Last week, The High Evolutionary had just used an energy wave to turn every mutant on earth into normal humans. What's he going to do for a follow-up? Um, how about mope about whether he had the right to do that? H.E. seems uncertain, but his old teacher Dr. Essex reassures that this is the best course of action. Although Essex looks like an Einstein-type, it's not clear why H.E. doesn't realize Essex should be really old, as in dead; unless he just figures all geneticists don't age.

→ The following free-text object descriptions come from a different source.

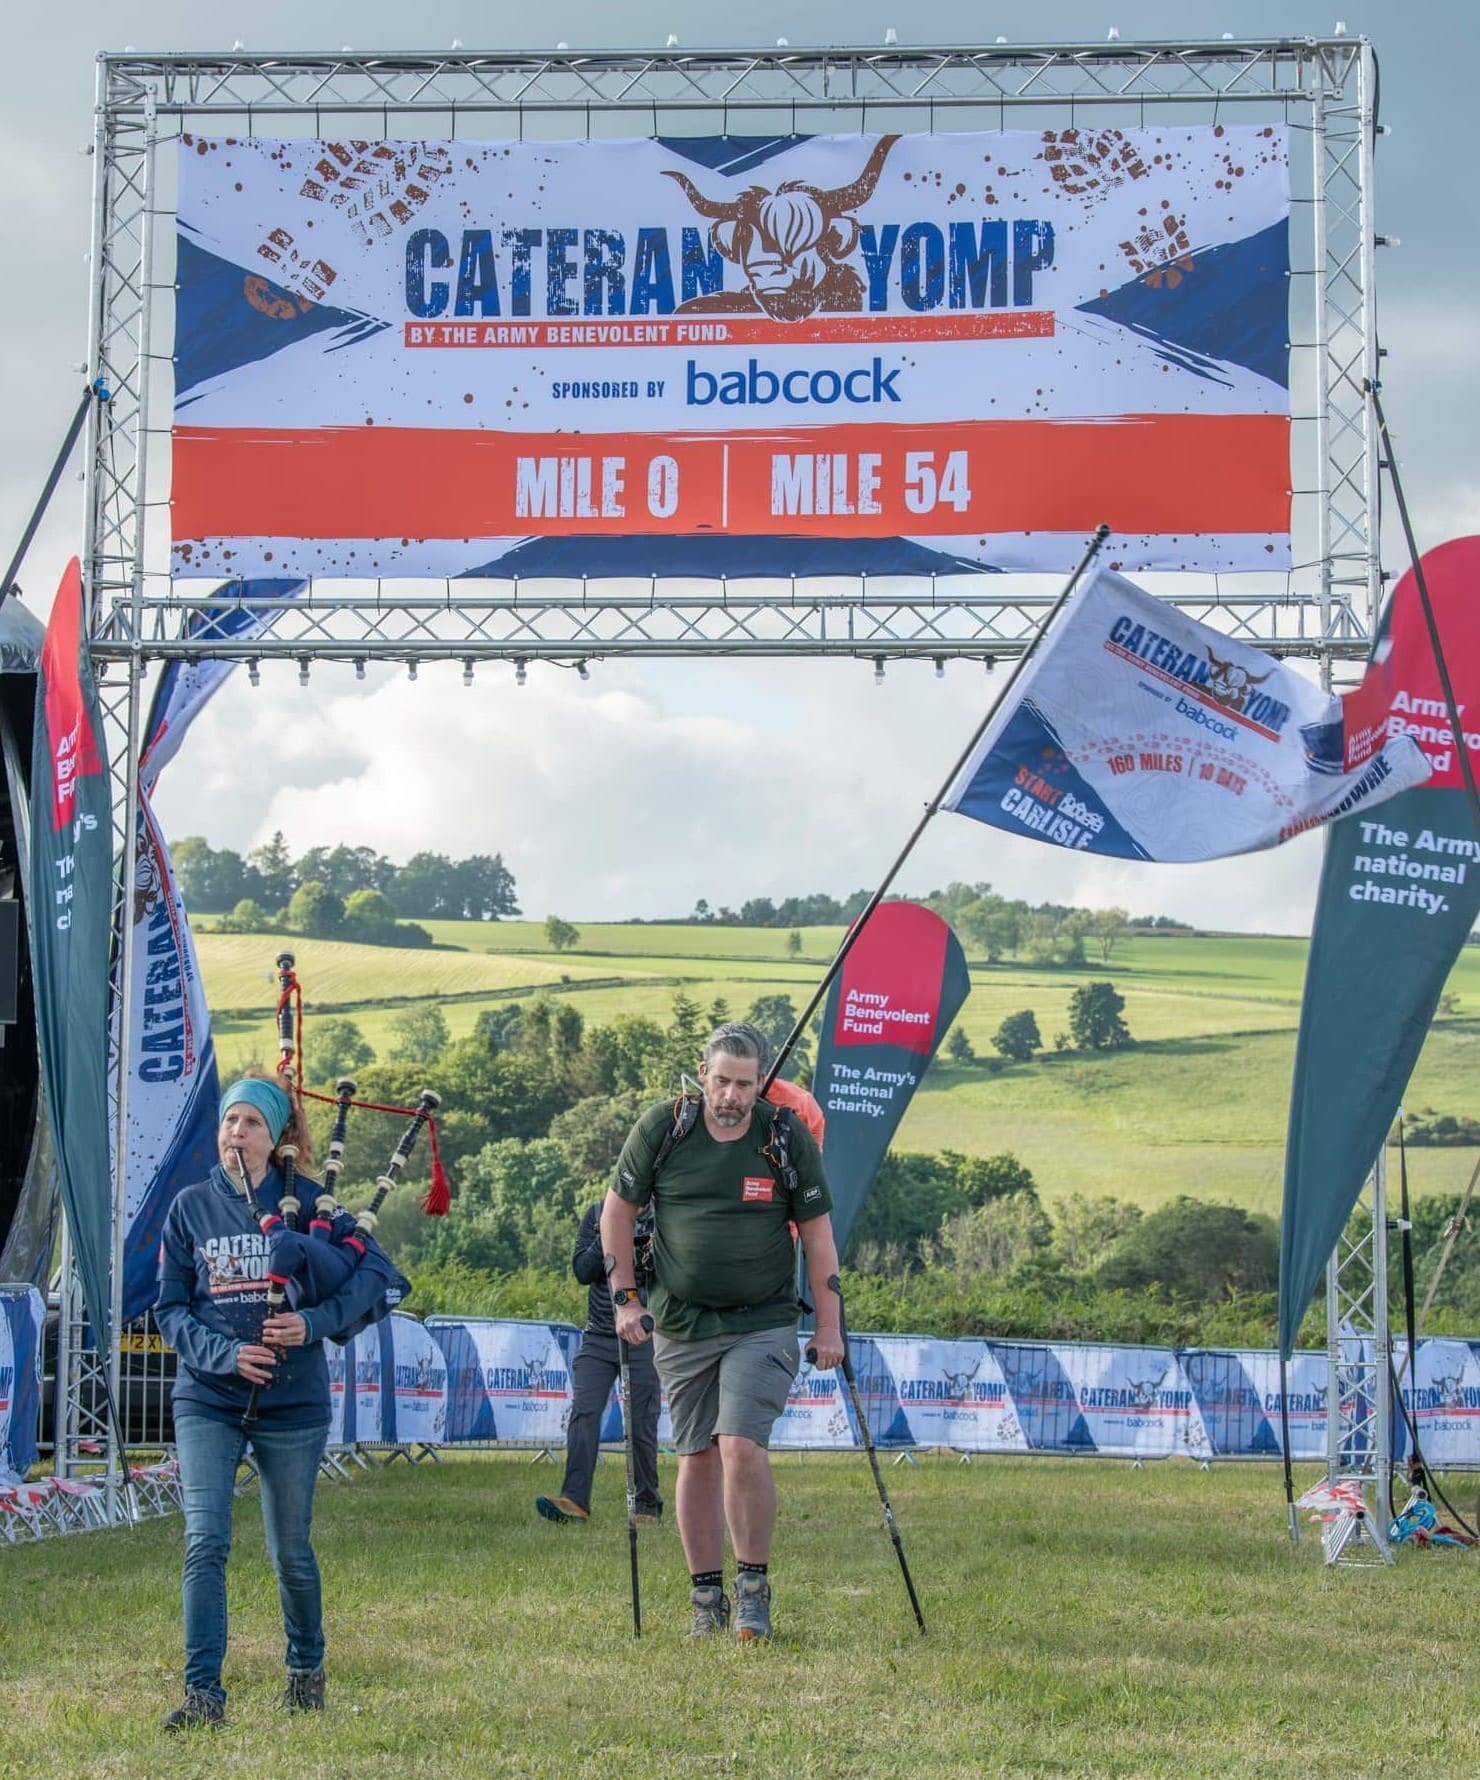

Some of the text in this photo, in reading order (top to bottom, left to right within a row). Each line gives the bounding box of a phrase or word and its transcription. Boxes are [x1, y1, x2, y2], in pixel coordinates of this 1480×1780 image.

[406, 219, 1054, 318] CATERAN YOMP
[411, 324, 727, 343] BY THE ARMY BENEVOLENT FUND
[552, 380, 665, 399] SPONSORED BY
[686, 357, 901, 405] babcock
[515, 454, 679, 518] MILE 0
[771, 450, 971, 516] MILE 54
[1109, 615, 1210, 684] CATERAN
[1175, 698, 1239, 741] babcock
[1108, 752, 1182, 776] 160 MILES
[1200, 763, 1213, 780] 10
[1014, 768, 1063, 805] START
[1000, 788, 1094, 849] CARLISLE
[1360, 822, 1408, 847] The
[1354, 855, 1466, 885] national
[1350, 881, 1450, 915] charity.
[847, 989, 889, 1007] Army
[845, 1004, 930, 1024] Benevolent
[843, 1019, 883, 1035] Fund
[832, 1064, 916, 1086] The Army's
[830, 1082, 893, 1099] national
[828, 1098, 885, 1117] charity.
[206, 1234, 271, 1256] CATERA
[487, 1368, 529, 1390] CATERAN
[545, 1370, 568, 1391] YOMP
[807, 1378, 837, 1398] YOMP
[900, 1380, 951, 1400] CATERAN
[973, 1382, 1006, 1402] YOMP
[1080, 1387, 1136, 1407] CATERAN
[1159, 1389, 1192, 1409] YOMP

Stuck in Genosha, Beast and Iceman have managed to find some action-heroey ensembles and guns, and are trying to protect some of the former mutates from the now-superior human forces. (The battle was pretty even when the mutates had powers and the humans had battlesuits and whatnot.) They are joined by gun-toting Magneto and his crew; who point out that the humans don't care how or why the mutates changed, they're just going to press the advantage and exterminate them.
More after the bump!
Meanwhile, the Xavier Institute...is closed until further notice. Nightcrawler has stayed behind to maintain the school, but it's more because he misses being Nightcrawler. As plain Kurt, he's not as agile, and had to relearn how to walk in a straight line without a tail, and has icky extra fingers. I thought his acrobatic ability was a learned skill, though, and not as much a power. Ex-Colossus Peter encourages Kurt to get out of the house and travel, since weeks have seemingly passed between the start of the issue and page eight. Kitty's back in school, and is enjoying her classes but also realizing most girls her age are "irritating. And that's the polite way of putting it." She reads a postcard from Warren and Betsy--the former Archangel and Psylocke--on vacation in St. Moritz, since Warren could never go to beaches before as he couldn't have his wings out. Peter doesn't think the beach is a fair trade for flying.
Storm and Marrow are volunteering at a children's park-ground in upstate New York. While Marrow is enjoying the hell out of not having extra bones sticking out of her and the dating opportunities that brings; Storm is struggling with this second loss of her powers. Rogue is able to touch people (and loss of her powers doesn't seem to have affected her legs, which are absurdly long...) but has to cope with the lack of personal space in the city. She's working on Mystique's case, as her foster mom faces an assload of charges while freaking out over being stuck with her old face.
Meanwhile, setting up Chris Claremont's run, the hidden community of the Neo is wrecked up when they lose their powers. But they're the suckiest of Marvel's several dozen hidden races, and we shall waste no more time with them. Somewhere else, not sure where; a street gang attacks Jubilee, then gets the beatdown by Wolverine. Who is not taking powerlessness well: Logan just got his adamantium back, the week before losing his healing factor, which he kinda needed to prevent adamantium poisoning...OK, Wolvie's not a doctor. He's probably dying of something else, like not being able to make blood cells, or rejection, or from taking stab wounds he thought he could heal from.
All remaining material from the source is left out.